Reproduce every entry below precisely; do not include the pictures.

[[ Entries shown open ]]

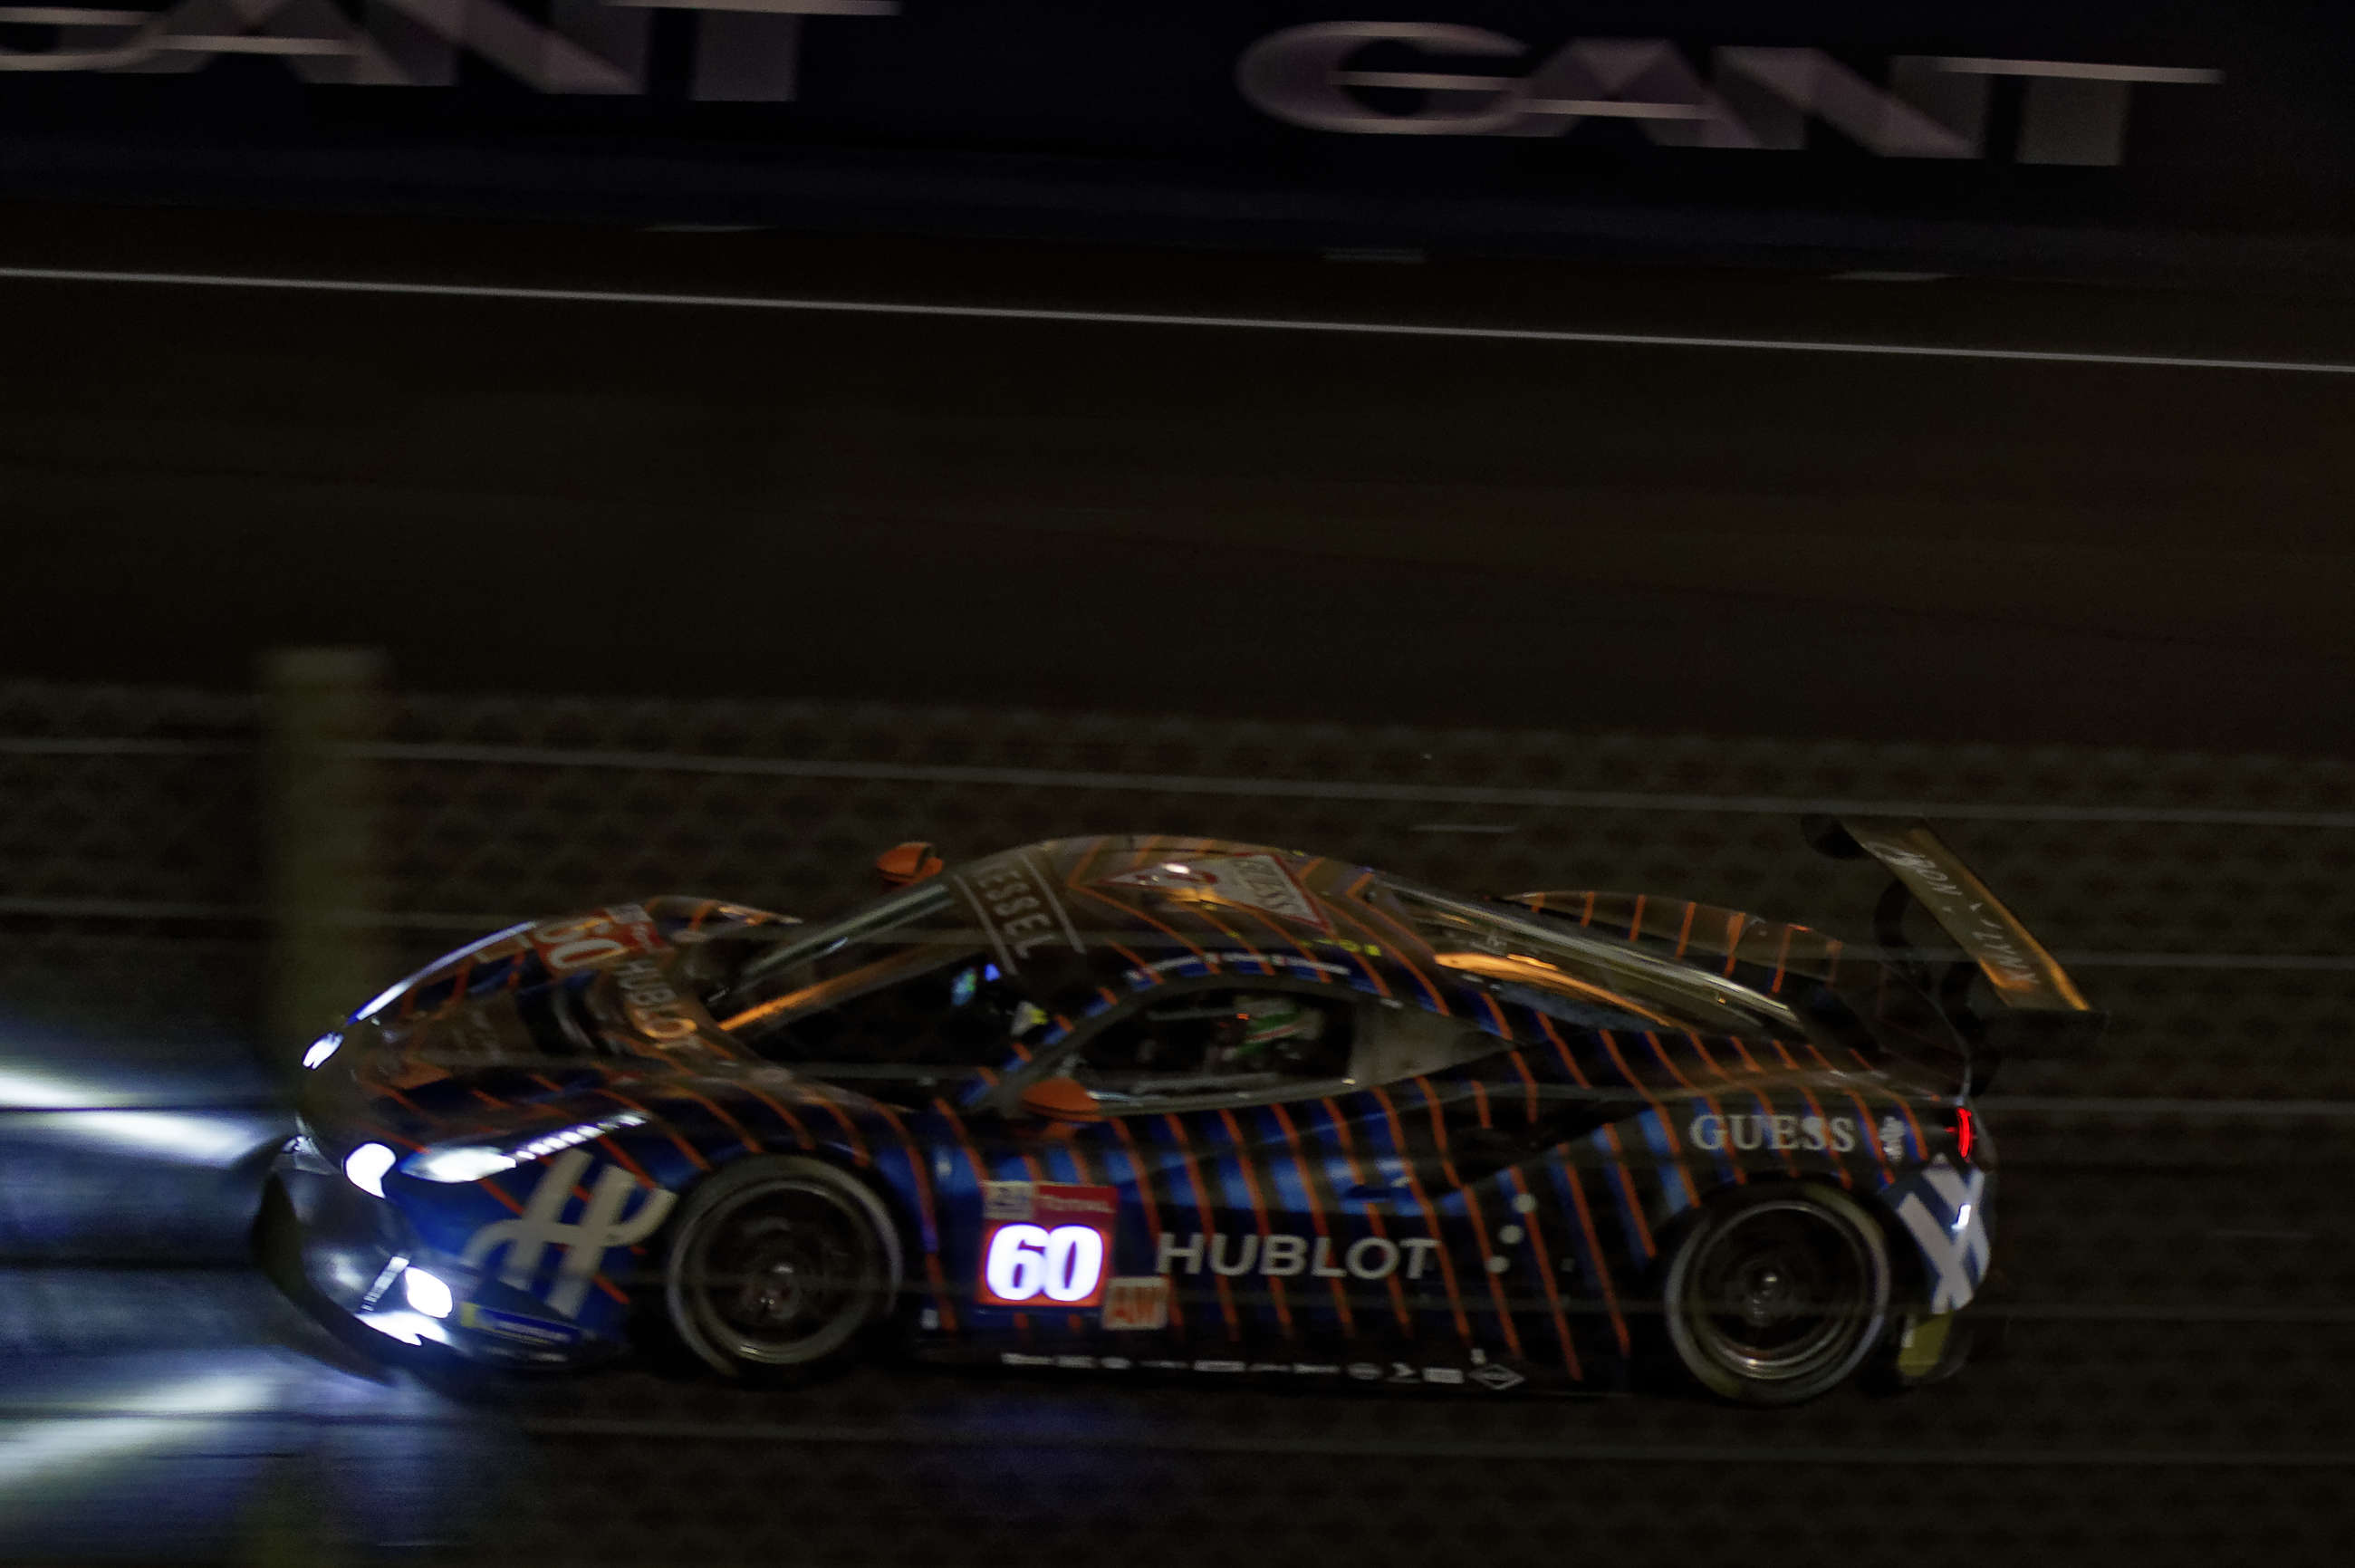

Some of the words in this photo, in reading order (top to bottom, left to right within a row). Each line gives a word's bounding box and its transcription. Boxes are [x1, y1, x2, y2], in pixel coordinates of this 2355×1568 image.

[1233, 20, 2225, 166] GANT
[1687, 1113, 1855, 1153] GUESS
[985, 1222, 1104, 1303] 60
[1156, 1231, 1442, 1281] HUBLOT
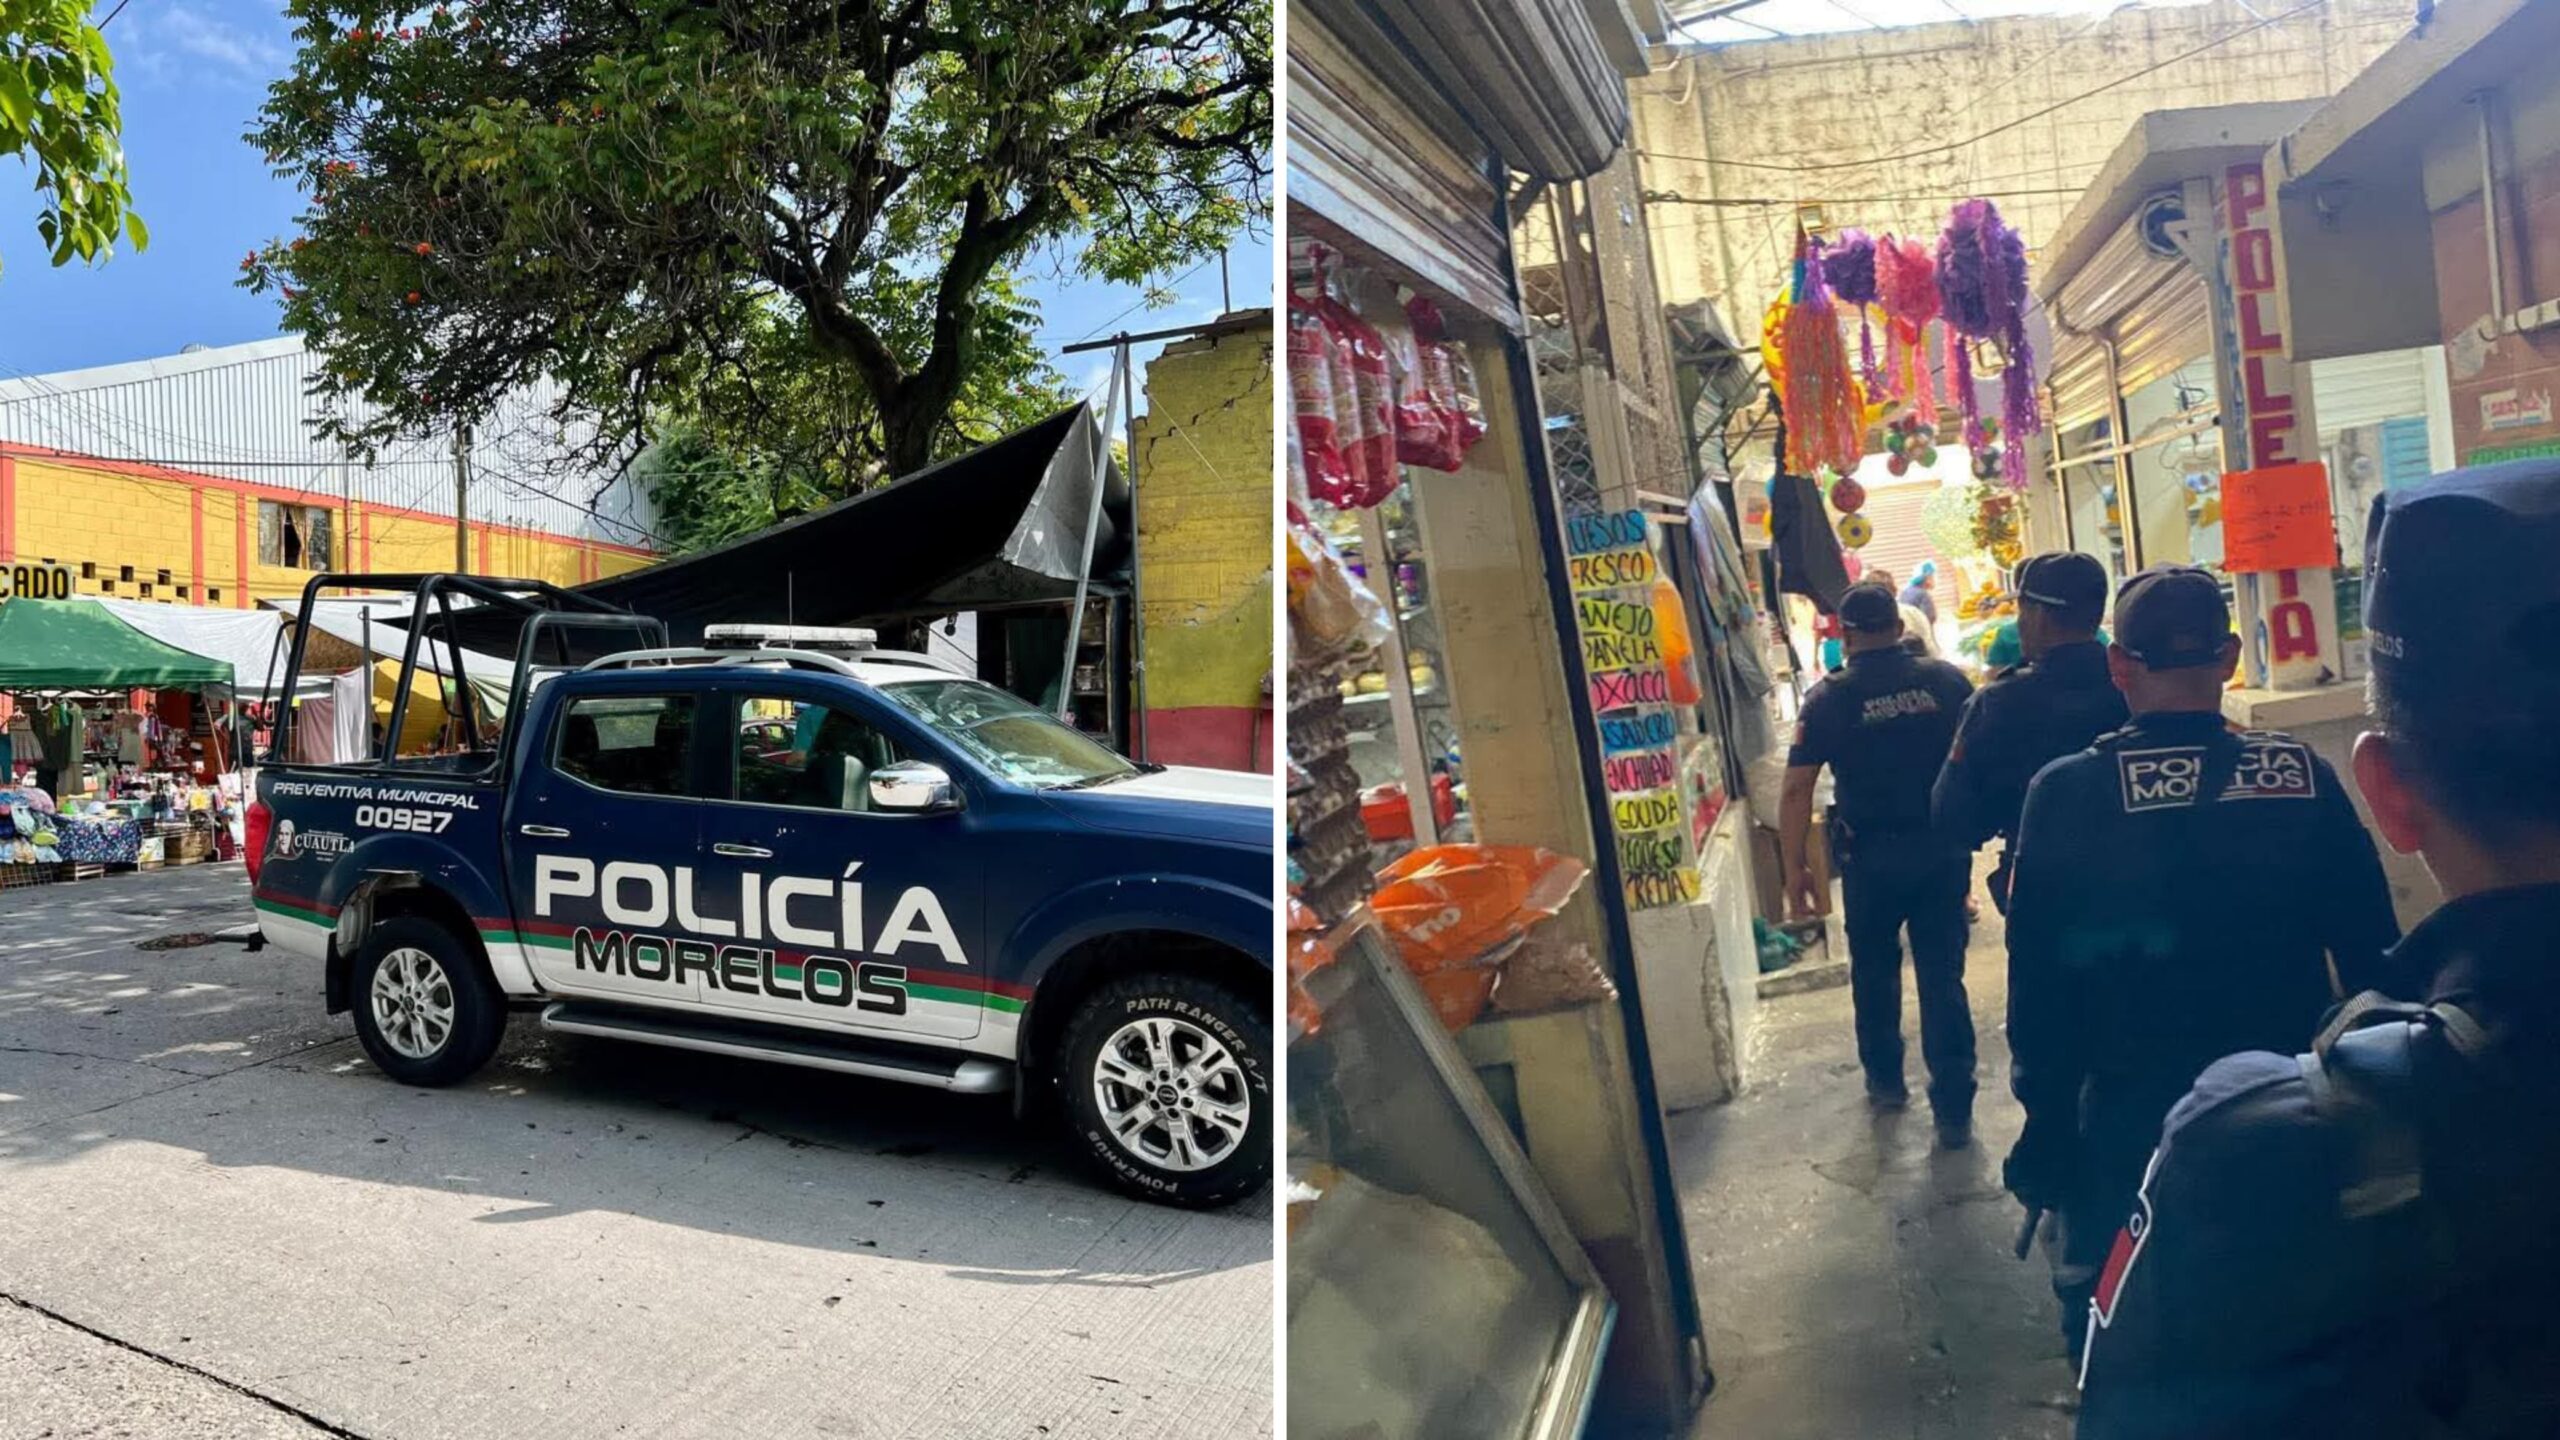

[[ Entries shown closed ]]

◆ **Answer section**:
Some of the words in this photo, in reading order (top to bottom, left to right within a row). Each line gives a word's bounding box and its transcription. Boxes are [x1, y1, x2, y2], in pixel coordinates of this 2355×1568 image.

[1233, 20, 2225, 166] GANT
[1687, 1113, 1855, 1153] GUESS
[985, 1222, 1104, 1303] 60
[1156, 1231, 1442, 1281] HUBLOT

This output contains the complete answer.